- [Exercise description] Every line below is to be copied exactly, with the pictures left out.

Image-backed grounding data:
——————

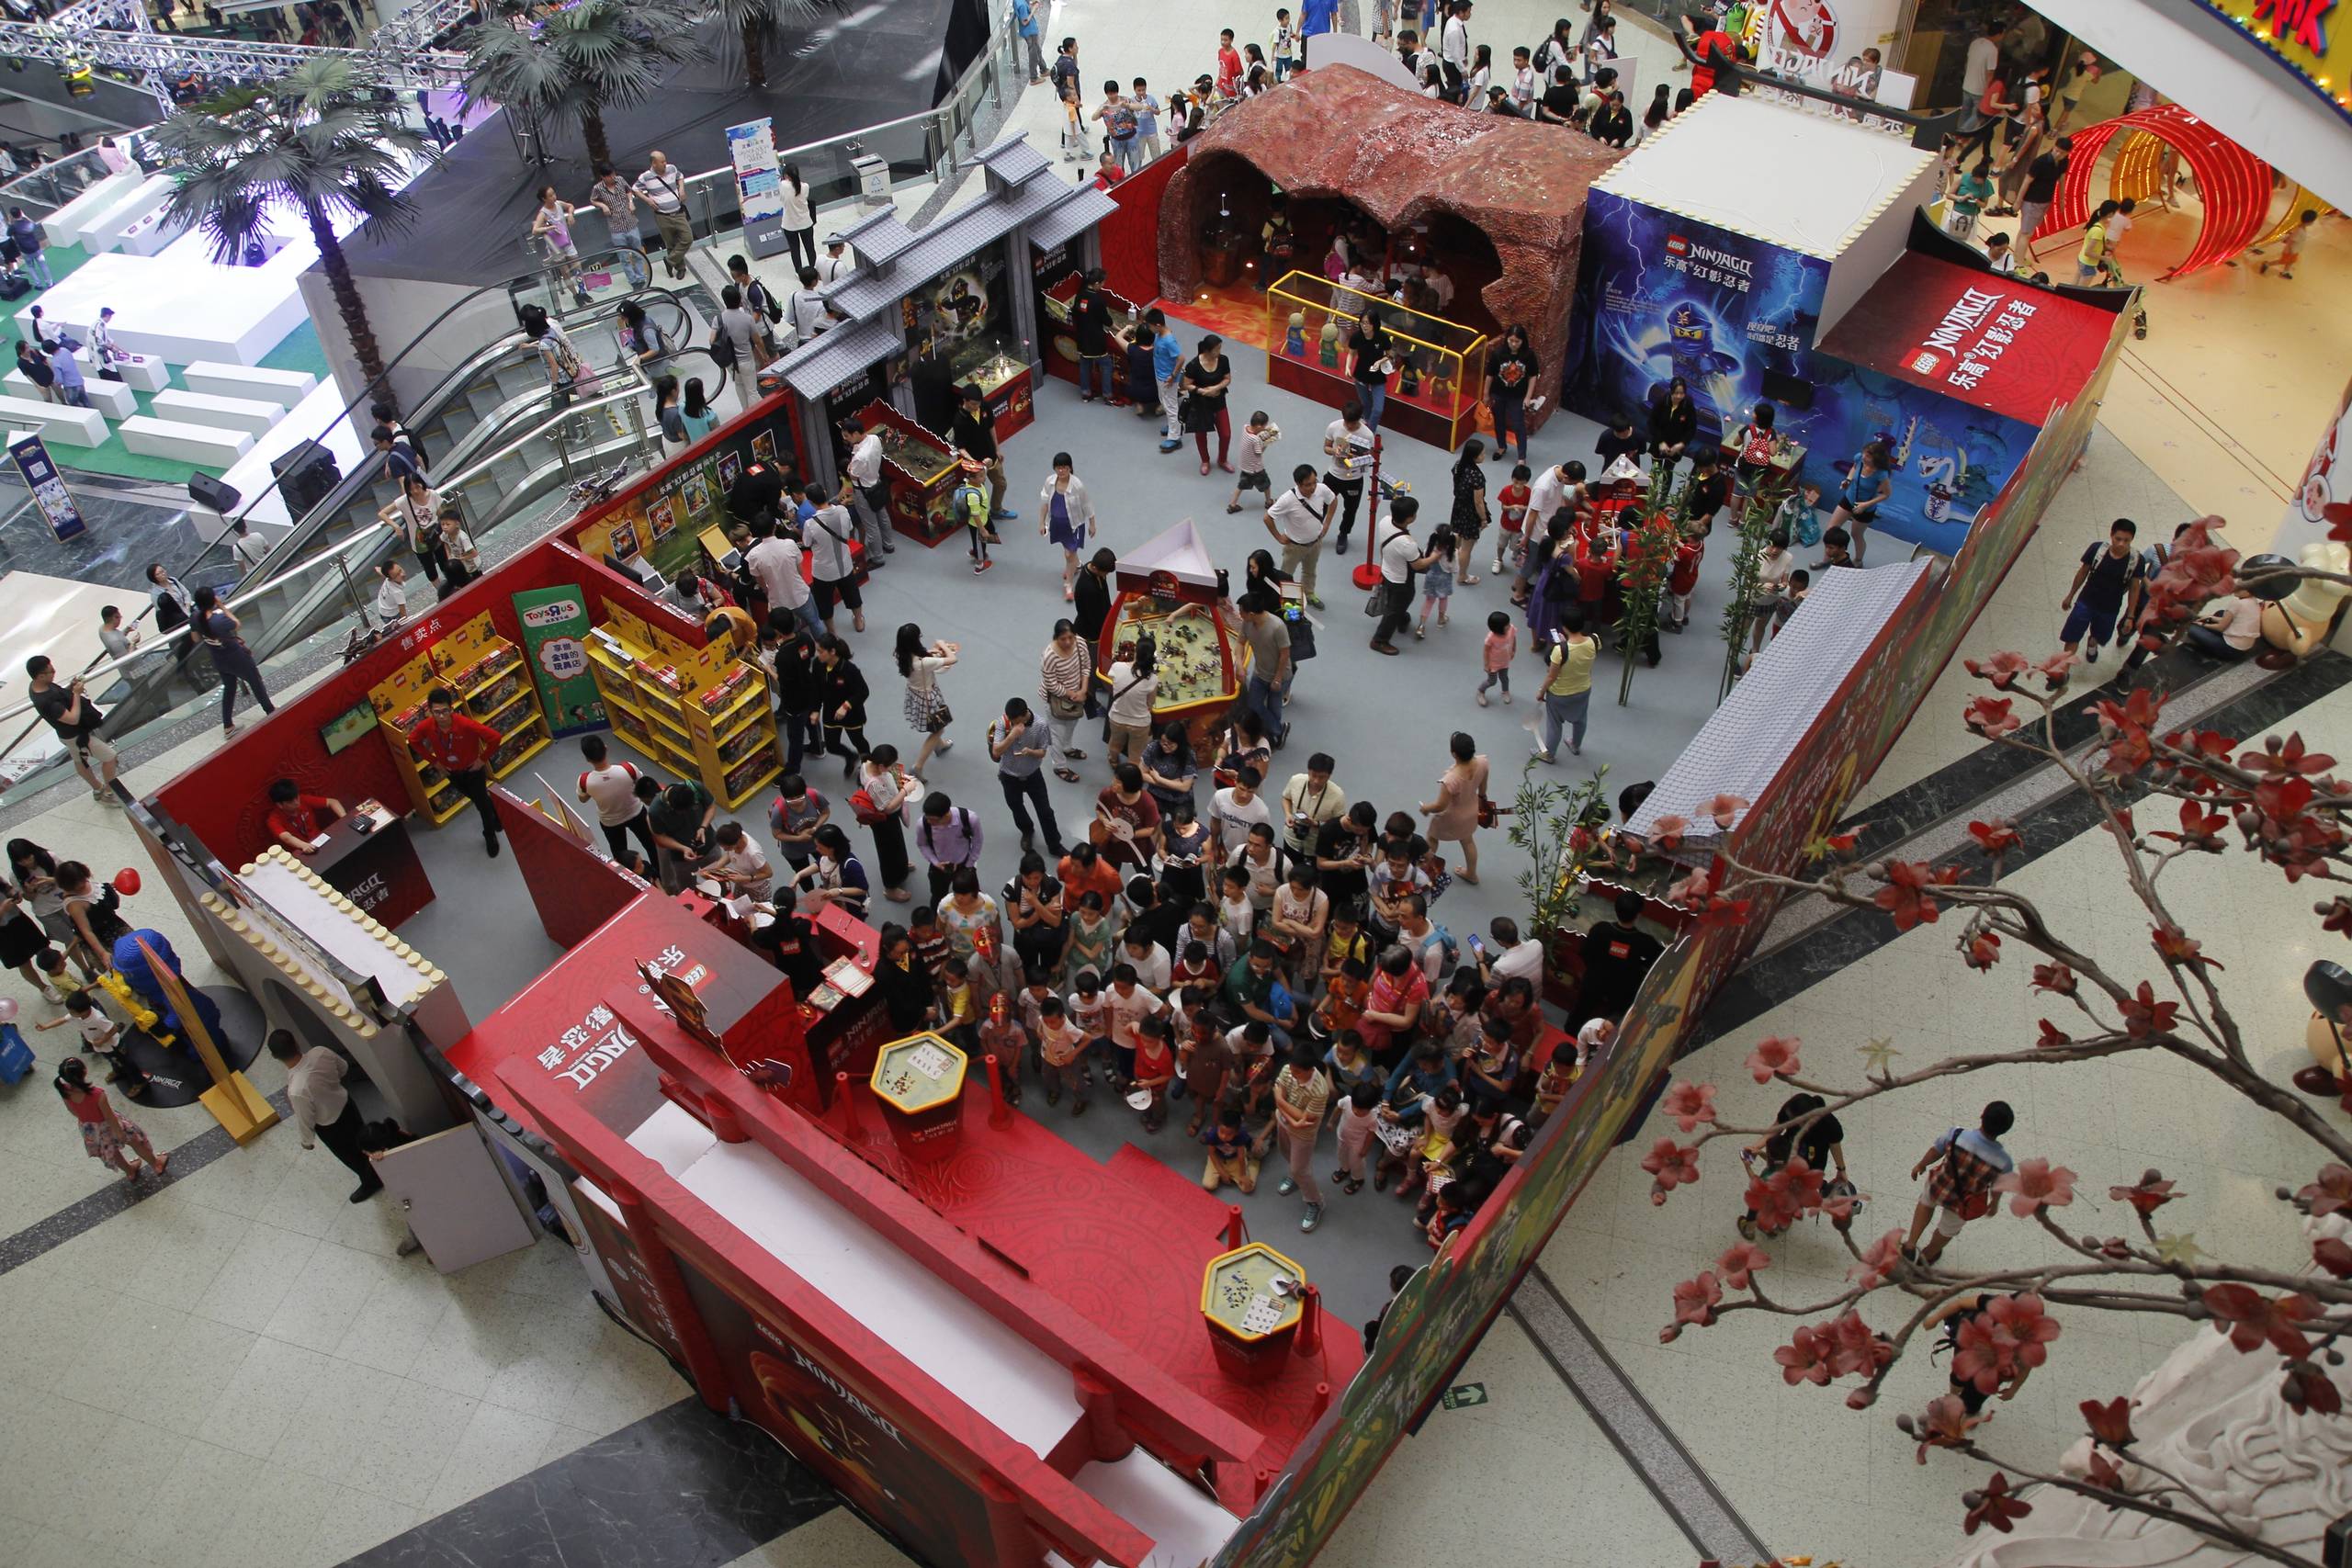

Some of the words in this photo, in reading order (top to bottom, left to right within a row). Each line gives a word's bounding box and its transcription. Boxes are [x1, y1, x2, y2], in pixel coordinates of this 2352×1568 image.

[1689, 243, 1753, 278] NINJAGO
[1921, 287, 2006, 358] NINJAGO
[1912, 352, 1939, 375] LEGO
[401, 618, 442, 651] 售卖点
[552, 650, 579, 661] 全球的
[553, 660, 581, 671] 玩具店
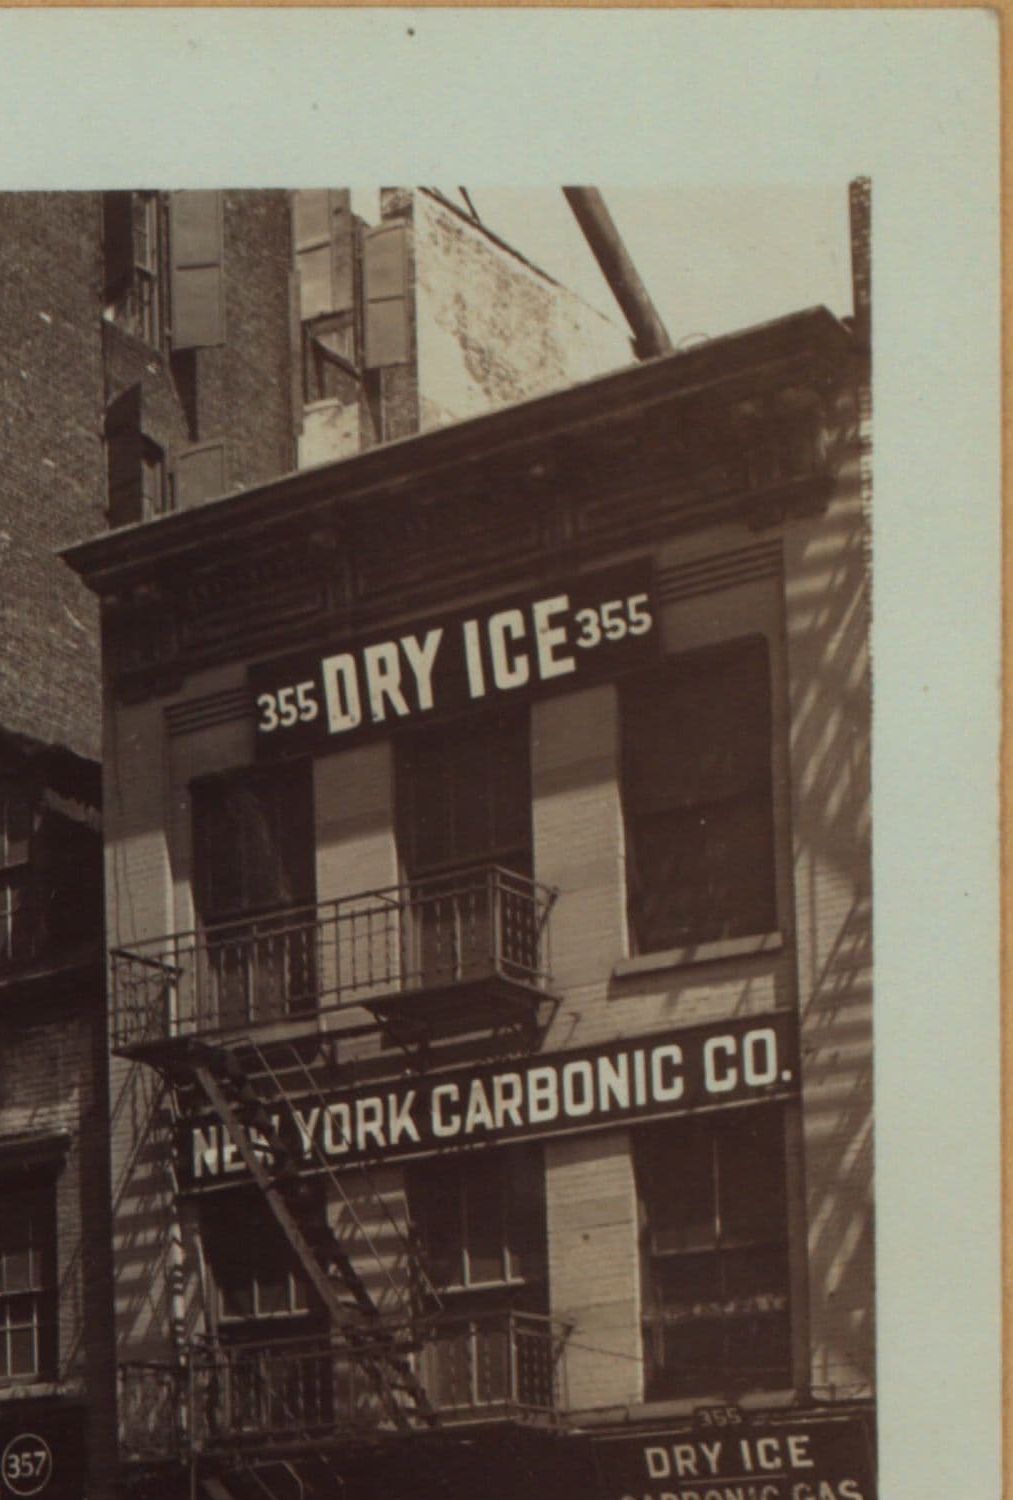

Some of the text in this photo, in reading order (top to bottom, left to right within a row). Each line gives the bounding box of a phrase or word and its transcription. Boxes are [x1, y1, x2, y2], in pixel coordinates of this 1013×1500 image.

[256, 592, 654, 735] 355 DRY ICE 355
[294, 1090, 421, 1159] YORK
[430, 1044, 684, 1138] CARBONIC
[703, 1028, 792, 1094] CO.
[696, 1407, 743, 1427] 355
[6, 1450, 47, 1480] 357
[644, 1434, 815, 1480] DRY ICE
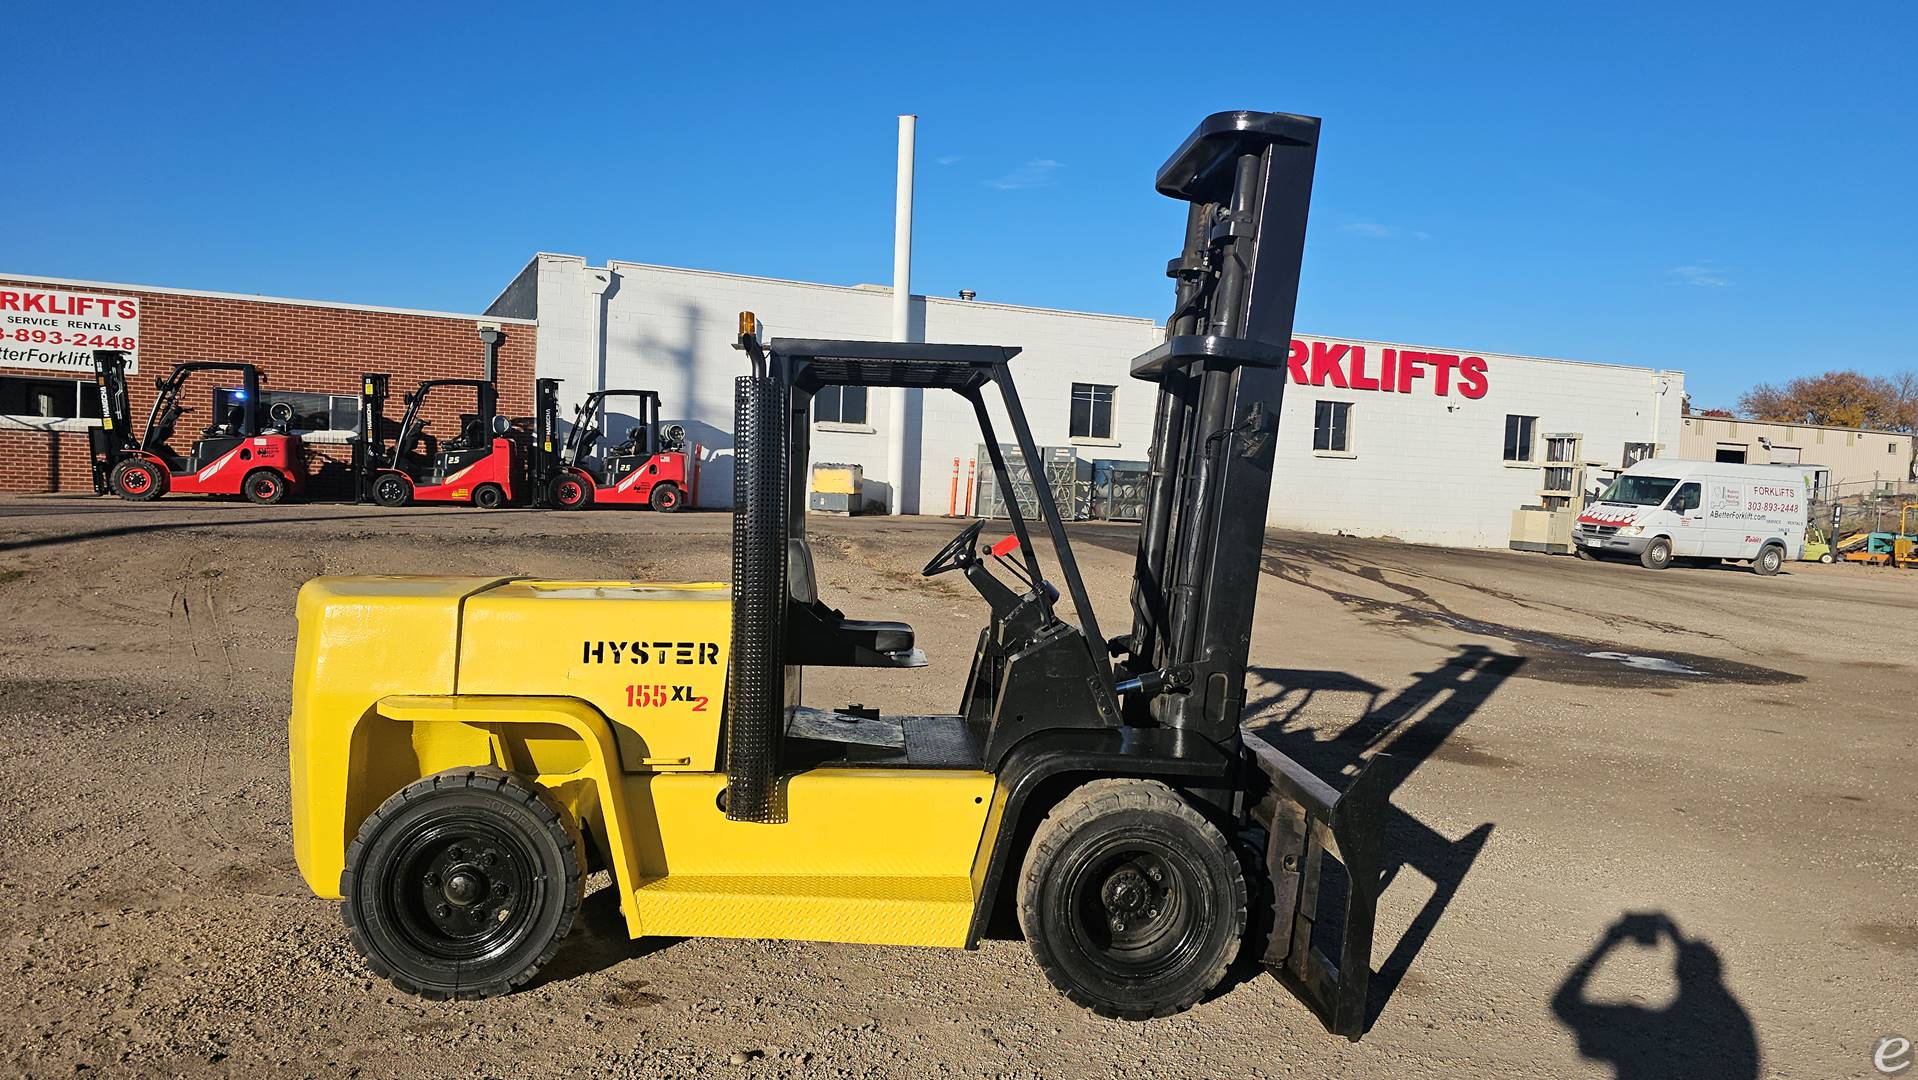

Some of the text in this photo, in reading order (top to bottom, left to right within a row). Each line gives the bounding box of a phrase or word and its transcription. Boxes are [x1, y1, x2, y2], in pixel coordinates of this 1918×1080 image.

[0, 291, 137, 320] RKLIFTS
[7, 315, 122, 332] SERVICE RENTALS
[1287, 339, 1489, 400] RKLIFTS
[1753, 486, 1795, 498] FORKLIFTS
[583, 641, 720, 666] HYSTER
[625, 685, 668, 708] 155
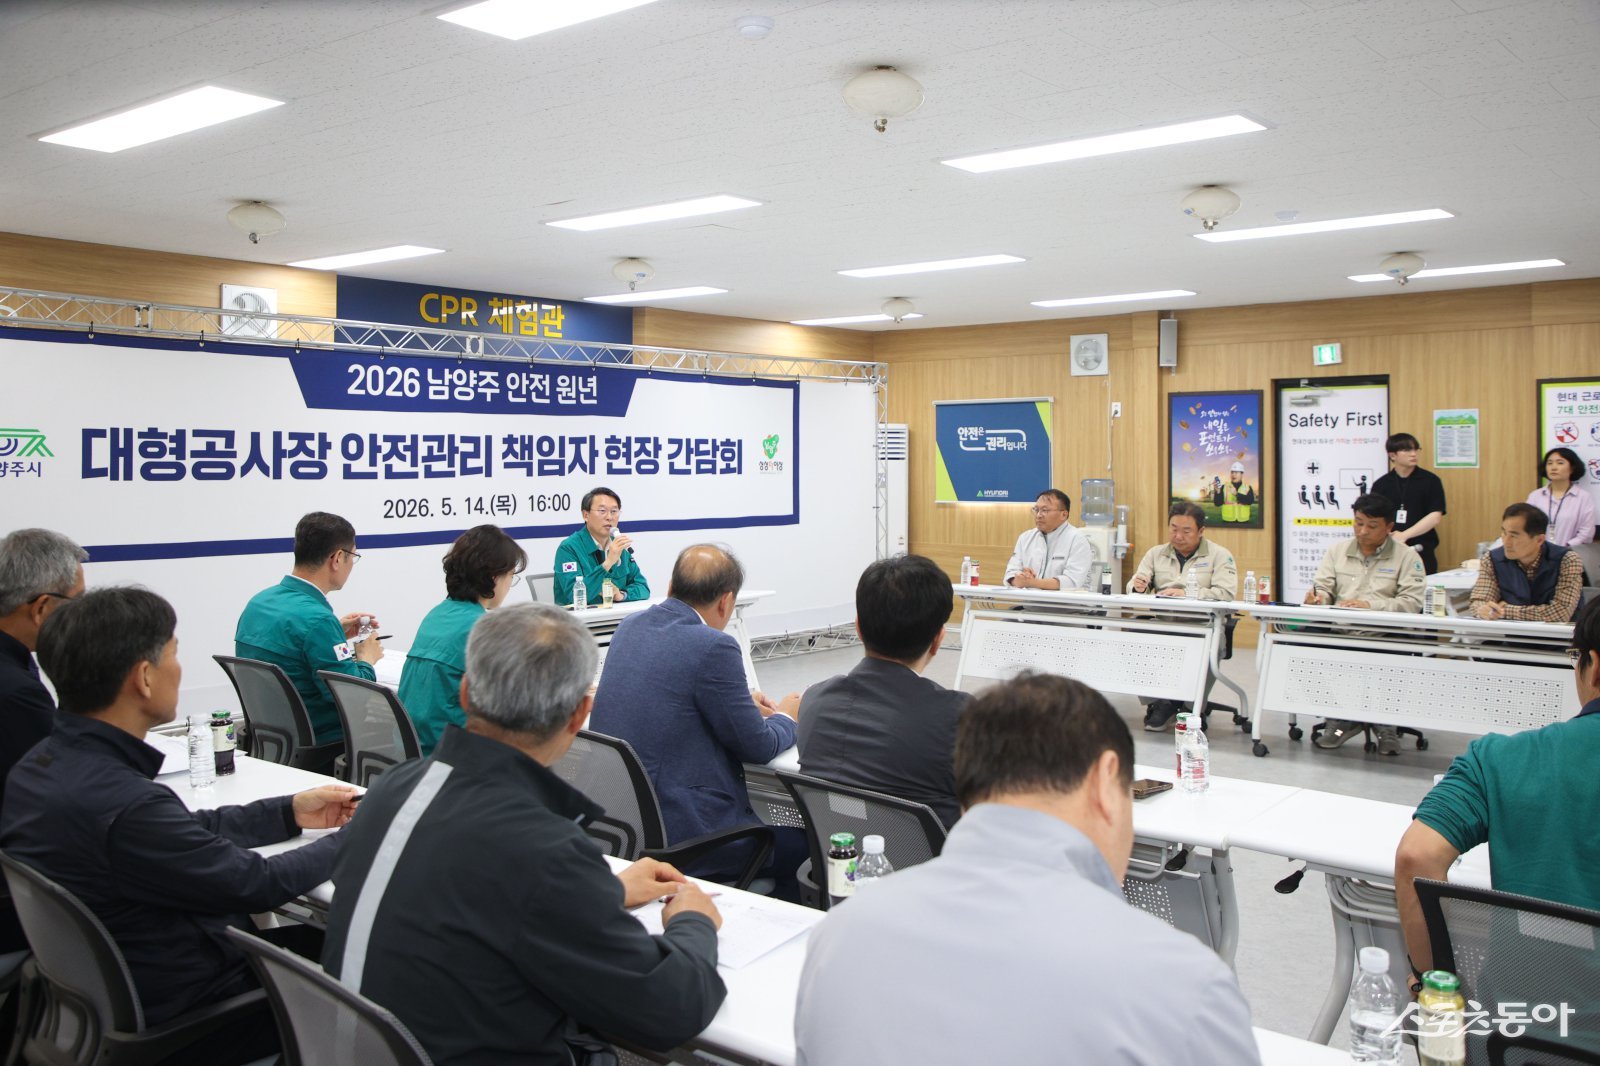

——————

- [Output of the exercise]
Some of the words in this photo, in reading order (top to bottom, left to right within a row). Each line gives a word's bounding box and its transcription. Boxes are [x1, y1, x2, y2], in pixel coordinates of this 2352×1568 image.

[1689, 243, 1753, 278] NINJAGO
[1921, 287, 2006, 358] NINJAGO
[1912, 352, 1939, 375] LEGO
[401, 618, 442, 651] 售卖点
[552, 650, 579, 661] 全球的
[553, 660, 581, 671] 玩具店

Some of the text in this photo, in reading order (top to bottom, left to right within a row). Each line gives the bounding box of a phrase or word and its transcription. Boxes are [x1, y1, x2, y2], in pixel coordinates of this 1013×1500 image.

[256, 592, 654, 735] 355 DRY ICE 355
[294, 1090, 421, 1159] YORK
[430, 1044, 684, 1138] CARBONIC
[703, 1028, 792, 1094] CO.
[696, 1407, 743, 1427] 355
[6, 1450, 47, 1480] 357
[644, 1434, 815, 1480] DRY ICE

Some of the text in this photo, in reading order (top to bottom, left to right within a row). Each line gives the bounding box of a phrase or word and its transcription. Boxes are [x1, y1, x2, y2], in pixel coordinates of this 1918×1080 image.

[0, 291, 137, 320] RKLIFTS
[7, 315, 122, 332] SERVICE RENTALS
[1287, 339, 1489, 400] RKLIFTS
[1753, 486, 1795, 498] FORKLIFTS
[583, 641, 720, 666] HYSTER
[625, 685, 668, 708] 155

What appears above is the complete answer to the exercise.